Those tensions began to manifest in the form of the Trump administration’s steel and aluminum tariffs this past spring, which, in addition to China, have affected U.S. allies.
But what about the impact of trade conflict on rare-earth metals, a market overwhelmingly dominated by China (at approximately 90%, according to most industry estimates)?
The U.S. is threatening a potential additional $200 billion in tariffs on Chinese imports (on top of the previously announced $50 billion, of which $34 billion has already gone into effect), while China has indicated it is prepared to respond in kind.
But, as The New York Times reported last month, China could strike back in other ways, too, including disruption of supply chains that depend on rare earth metals for an end product (e.g. smartphones).
As the report notes, some rare-earths metals appeared on the Section 301 product list drawn up by U.S. Trade Representative Robert Lighthizer at President Trump’s direction.
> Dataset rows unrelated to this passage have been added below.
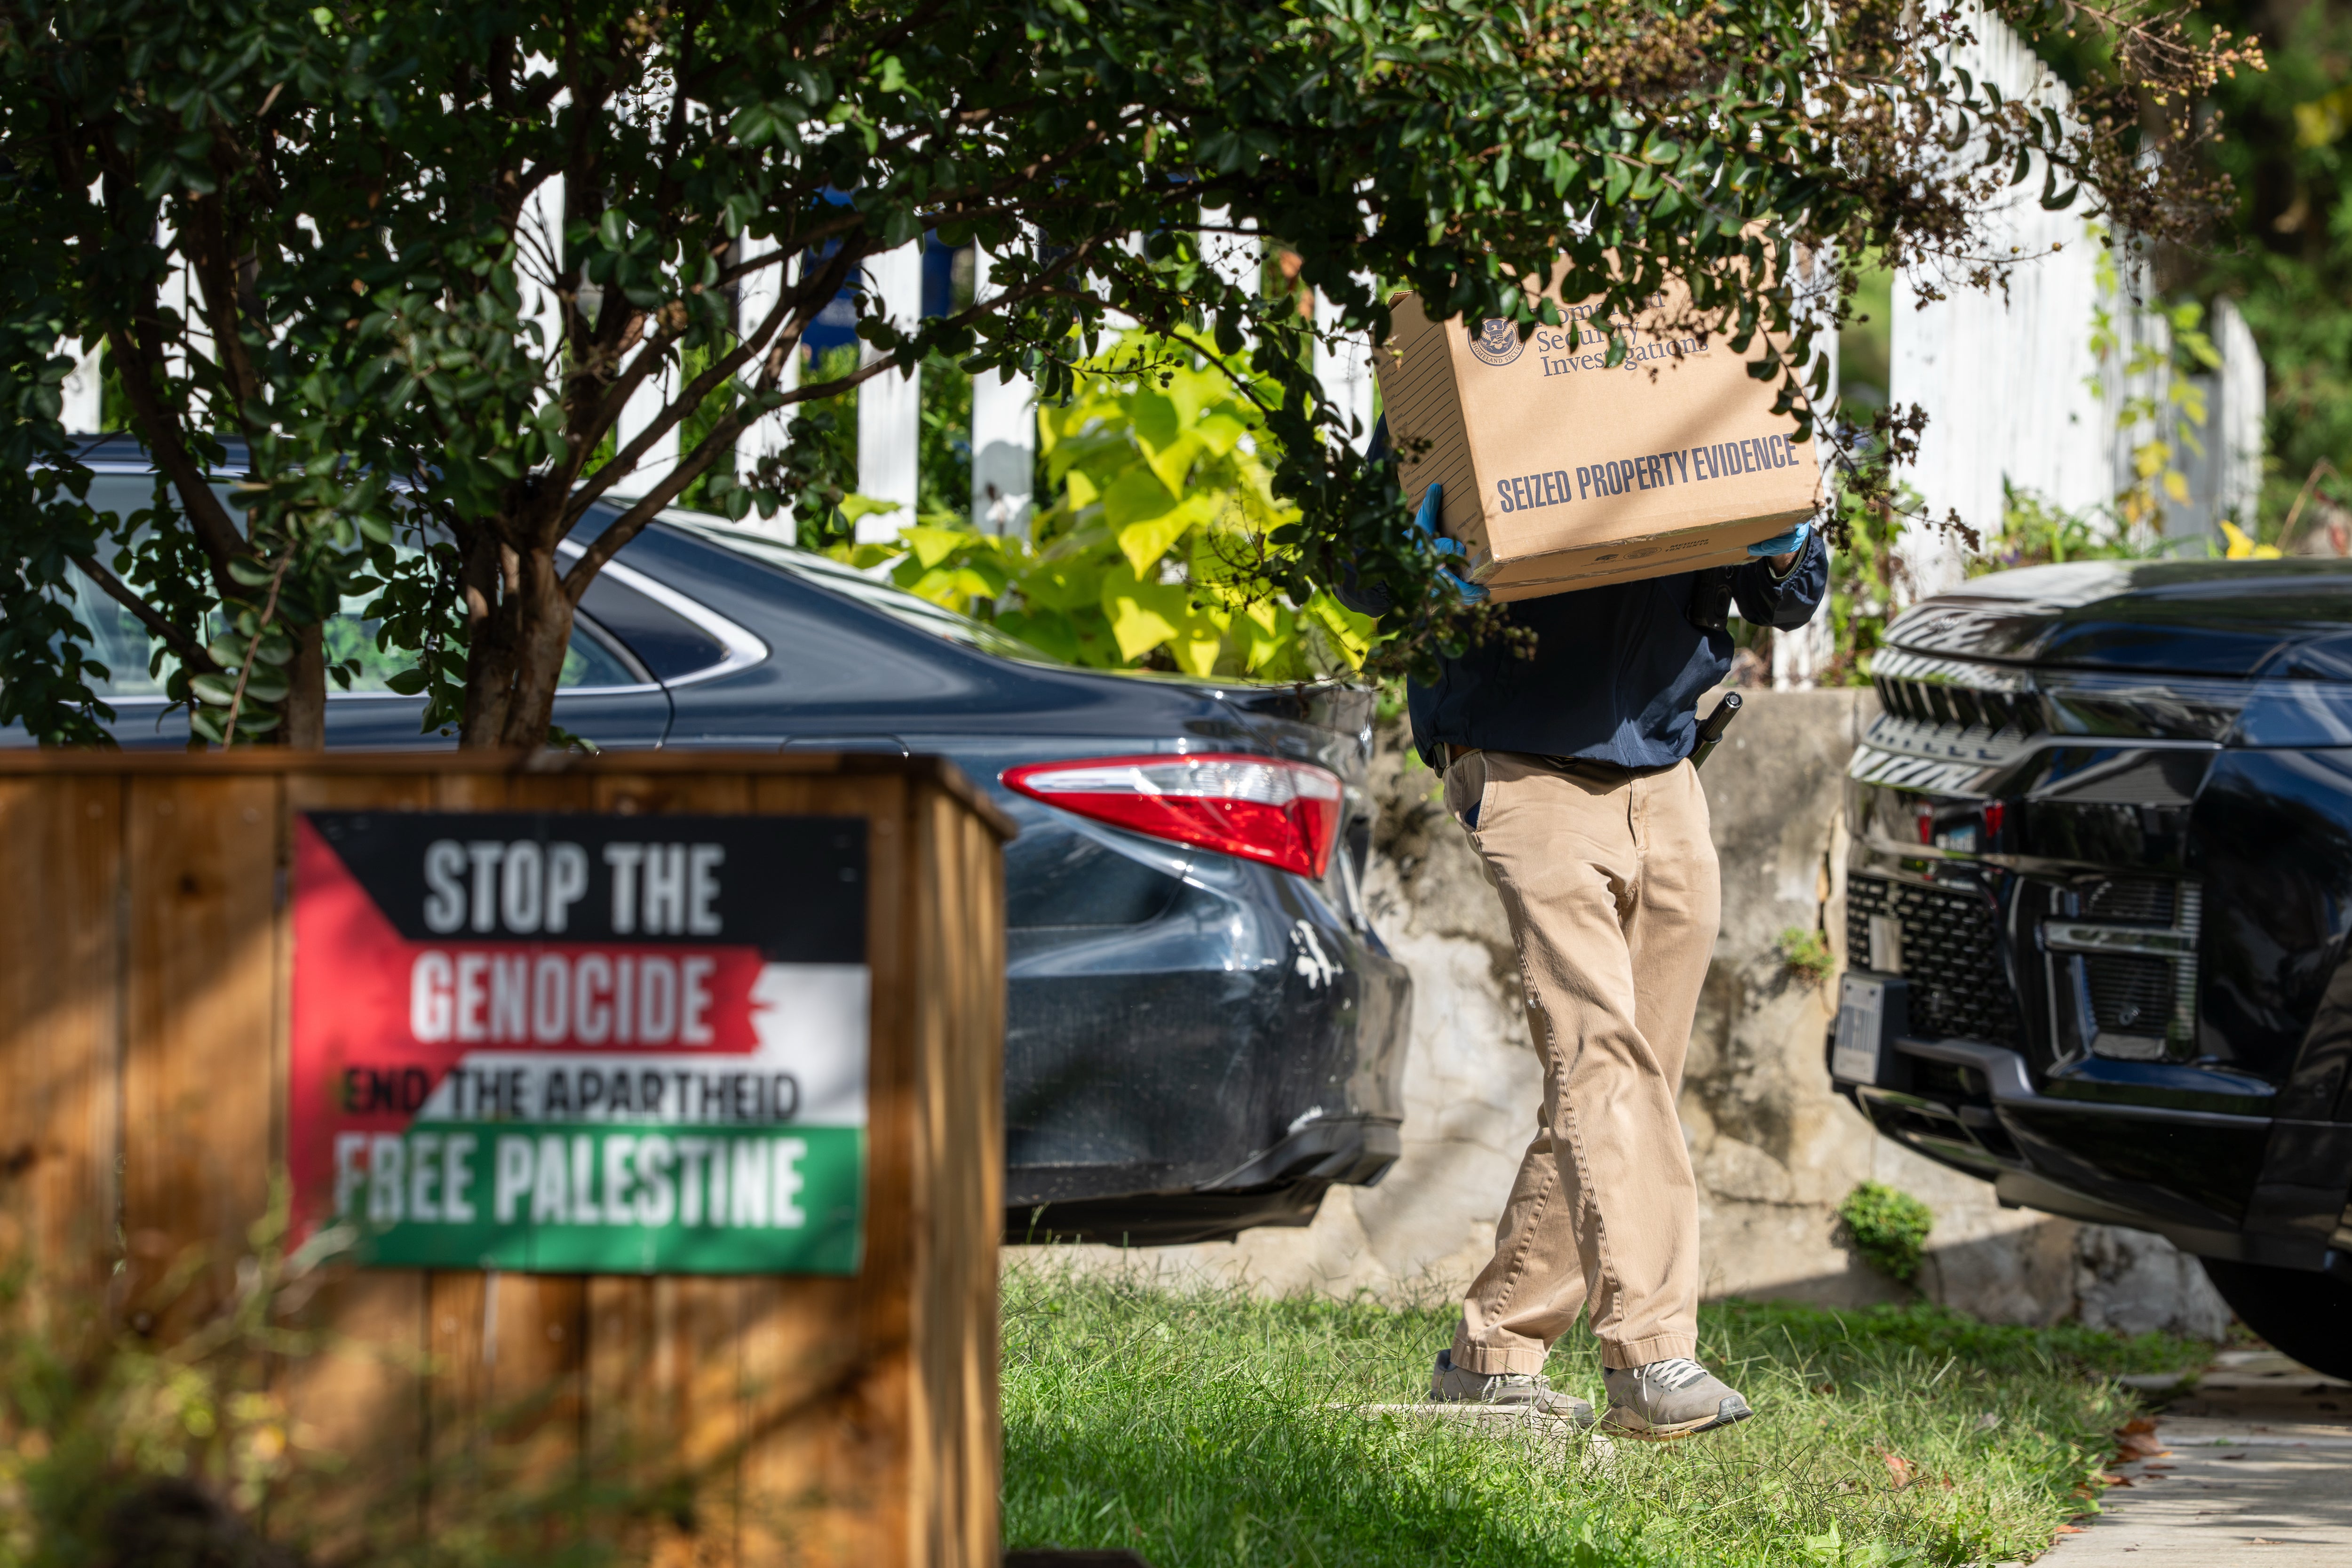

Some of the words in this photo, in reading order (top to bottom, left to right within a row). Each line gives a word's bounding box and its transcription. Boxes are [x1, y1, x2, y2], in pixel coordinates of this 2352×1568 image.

[1530, 290, 1665, 327] omed
[1472, 343, 1503, 363] HOMELAND
[1505, 339, 1523, 362] SECURIT
[1537, 319, 1640, 353] Securty
[1541, 337, 1708, 377] Invesgations
[1497, 470, 1572, 513] SEIZED
[1576, 450, 1688, 500] PROPERTY
[1691, 432, 1799, 481] EVIDENCE
[1670, 539, 1709, 549] MEDIUM
[423, 839, 588, 934] STOP
[604, 843, 725, 935] THE
[410, 950, 715, 1045] GENOCIDE
[343, 1066, 429, 1115] END
[449, 1068, 524, 1115] THE
[542, 1069, 801, 1121] APARTHEID
[334, 1132, 478, 1223] FREE
[494, 1135, 808, 1228] PALESTINE
Those metals and related compounds included:
- scandium and yttrium, whether or not intermixed or interalloyed
- mixtures of rare-earth oxides or of rare-earth chlorides
- yttrium materials and compounds containing by wt. >19% but < 85% yttrium oxide equivalent
- compounds, inorganic or organic, of rare-earth metals, of yttrium or of scandium, or of mixtures of these metals, nesoi
- cerium compounds
With very little in the way of alternative supplies — that is, supplies of rare earths outside of China — the end result could simply be that U.S. companies will have no choice but to pay more for the metals, as an editorial in the South China Morning Post explains.
China’s dominance in the market and concerns over that fact are nothing new, nor is the situation likely to change anytime soon.
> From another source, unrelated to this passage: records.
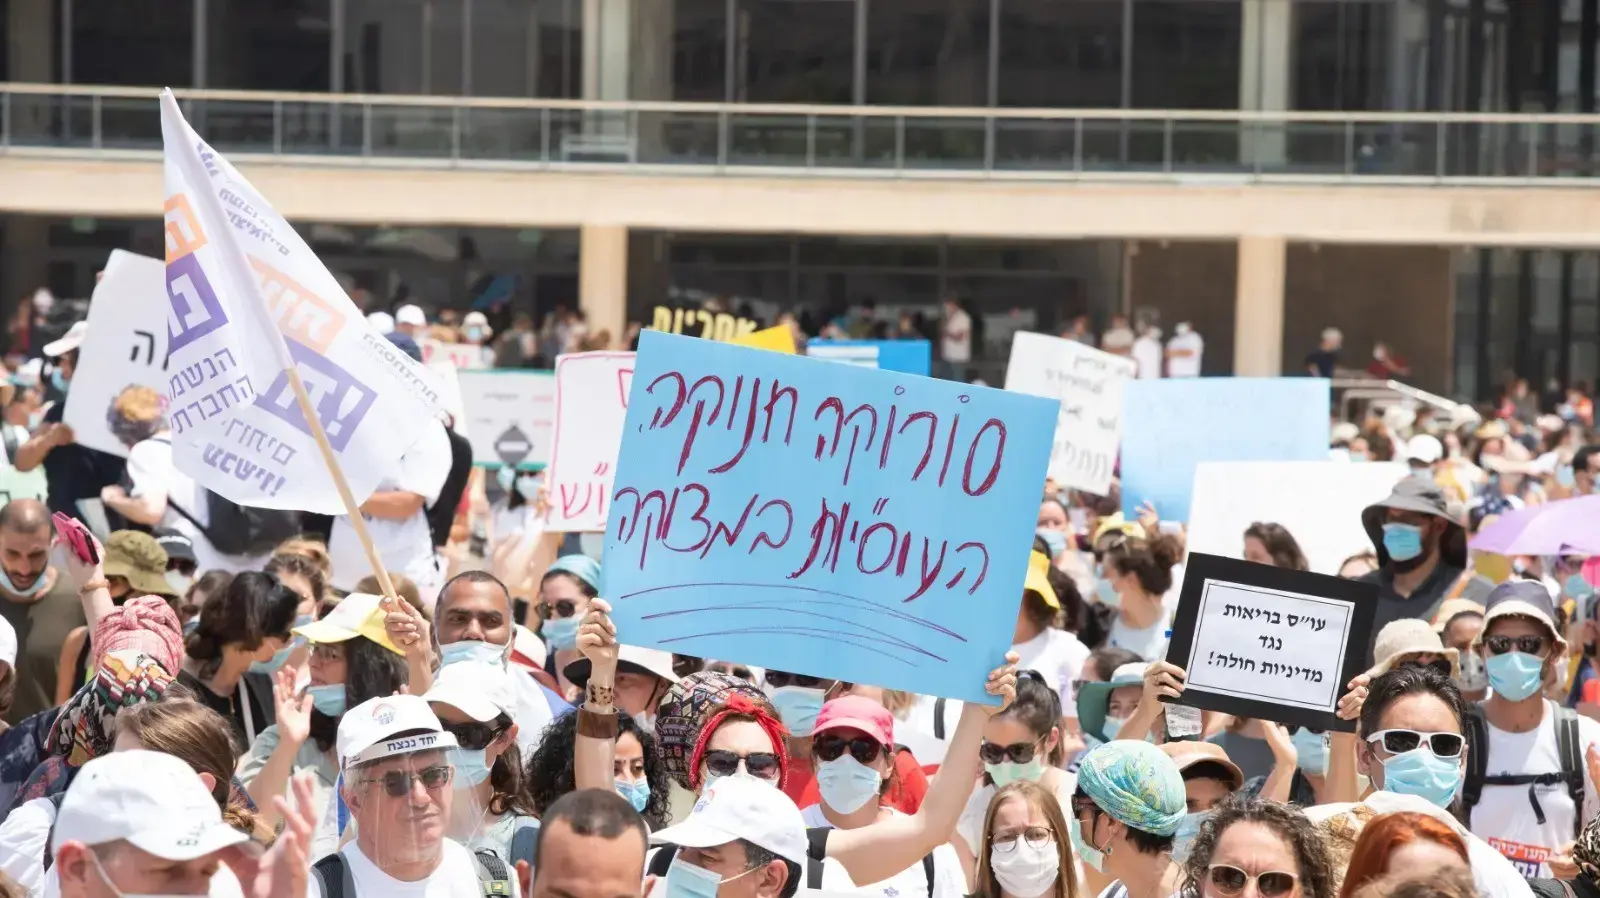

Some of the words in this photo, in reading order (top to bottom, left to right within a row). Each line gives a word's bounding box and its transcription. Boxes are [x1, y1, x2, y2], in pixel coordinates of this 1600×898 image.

[168, 346, 238, 402] הנשמ
[1222, 602, 1282, 625] בריאות
[1258, 634, 1283, 651] נגד
[1207, 650, 1256, 672] חולה!
[1259, 659, 1323, 683] מדיניות
As the U.S. Geological Survey (USGS) noted earlier this year, rare earths were not mined in the U.S. at all in 2017. According to USGS, the estimated value of rare-earth compounds and metals imported by the U.S. in 2017 was $150 million, up from $118 million in 2016. According to USGS, the distribution of rare-earths imports by end use was as follows: catalysts, 55%; ceramics and glass, 15%; metallurgical applications and alloys, 10%; polishing, 5%; and other, 15%.
Outside of China
Despite China’s dominance in the rare-earths sector, that hasn’t stopped business interests from probing for new sources around the world.
Within the U.S., Alaska is one such place considered potentially viable for rare-earth mining.
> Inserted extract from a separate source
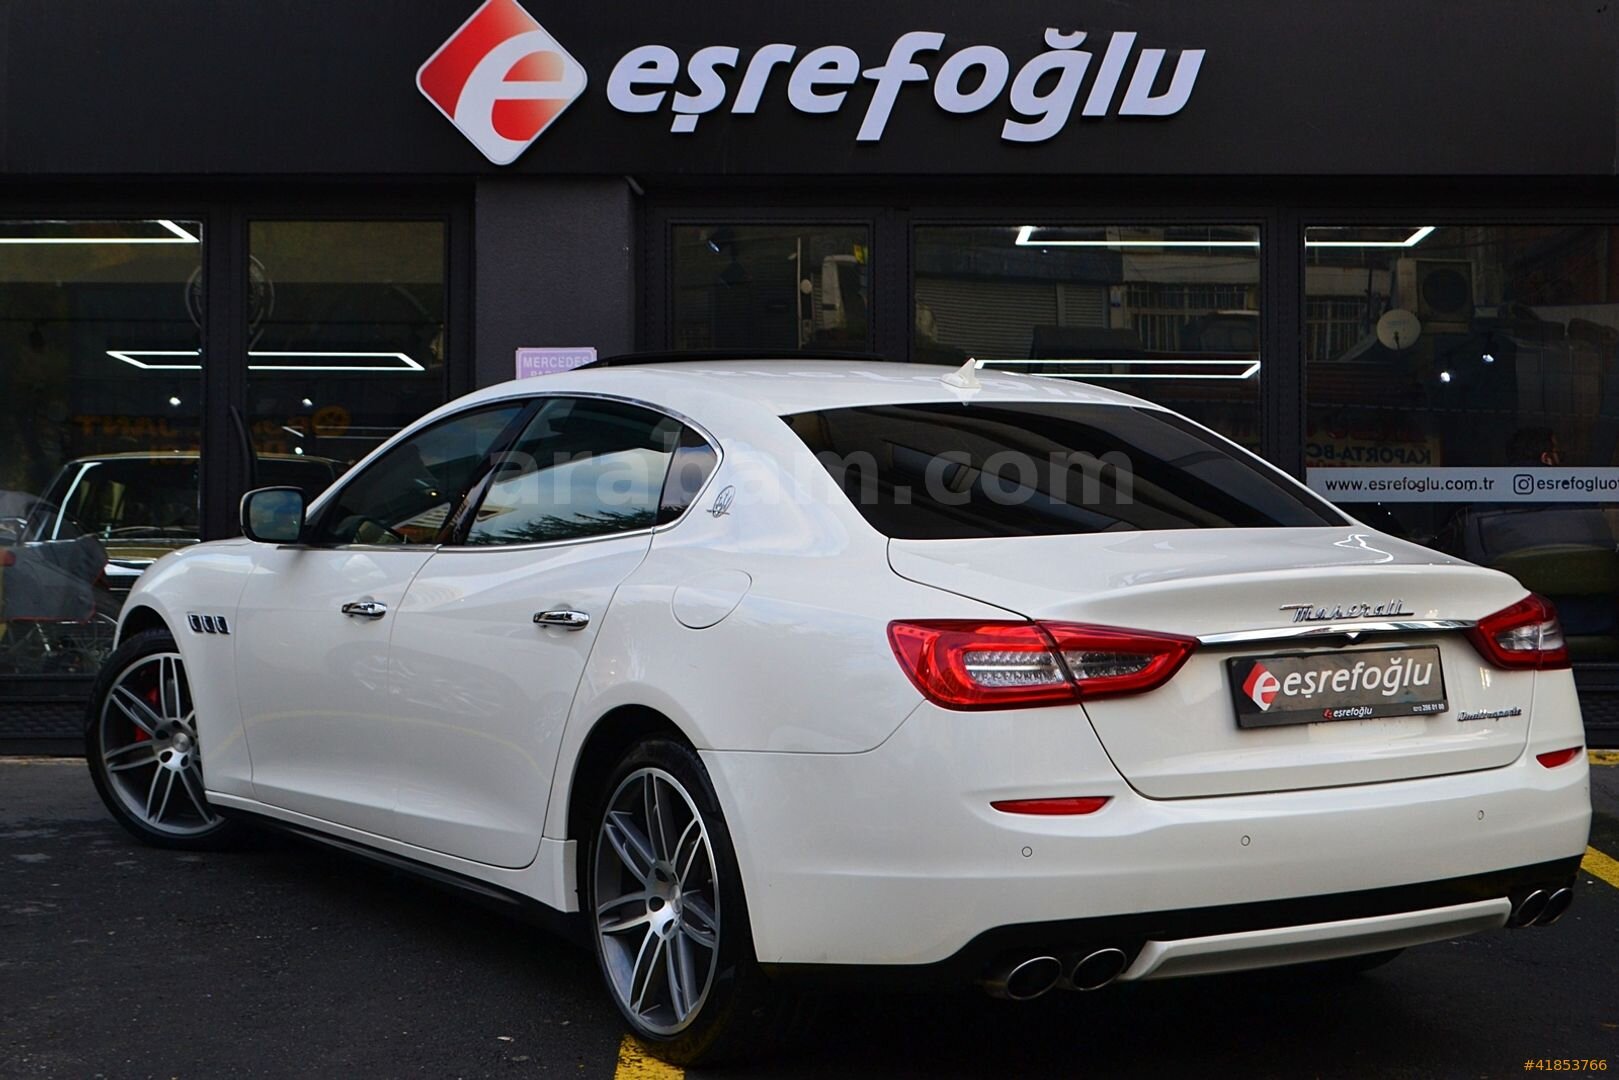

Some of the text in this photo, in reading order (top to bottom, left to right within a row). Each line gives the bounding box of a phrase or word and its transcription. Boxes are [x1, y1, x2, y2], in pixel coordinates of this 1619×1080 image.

Alaska Sen. Lisa Murkowski, who chairs the Energy and Natural Resources Committee, expressed concerns during a July hearing on the issue of China’s dominance of the market and the impact of potential tariffs.
“My concern, among many concerns, is if China ultimately responds to tariffs by restricting our supply of rare earths, or any number of other minerals, the U.S. could be in serious trouble. We’ve heard testimony in the past about the dangers of the concentration of supply from a handful of countries that control the supply chain,” she said, as quoted by the Anchorage Daily News. “I’m hopeful that we aren’t about to experience those dangers firsthand and will continue to urge action to reduce this significant vulnerability.”
As the report notes, at the current stage, much work remains to be done before assessing the viability of rare-earth mining in the state, including the Bokan Mountain prospect, considered to be the most promising of Alaskan sites, per the report. But availability and viability are two different things; particularly in light of the specter of potential tariffs, it is certainly worth keeping an eye on developments in rare-earth mining efforts in The Last Frontier.
Actual Metal Prices and Trends
It was a down month for many of the metals in the Rare Earths MMI basket.
The price of yttrium fell 2.8% month over month, down to $33.03/kg. Terbium oxide dropped 2.8% to $3,009.10/kg.
Neodymium oxide dropped 4.3% to $46,971.30/mt.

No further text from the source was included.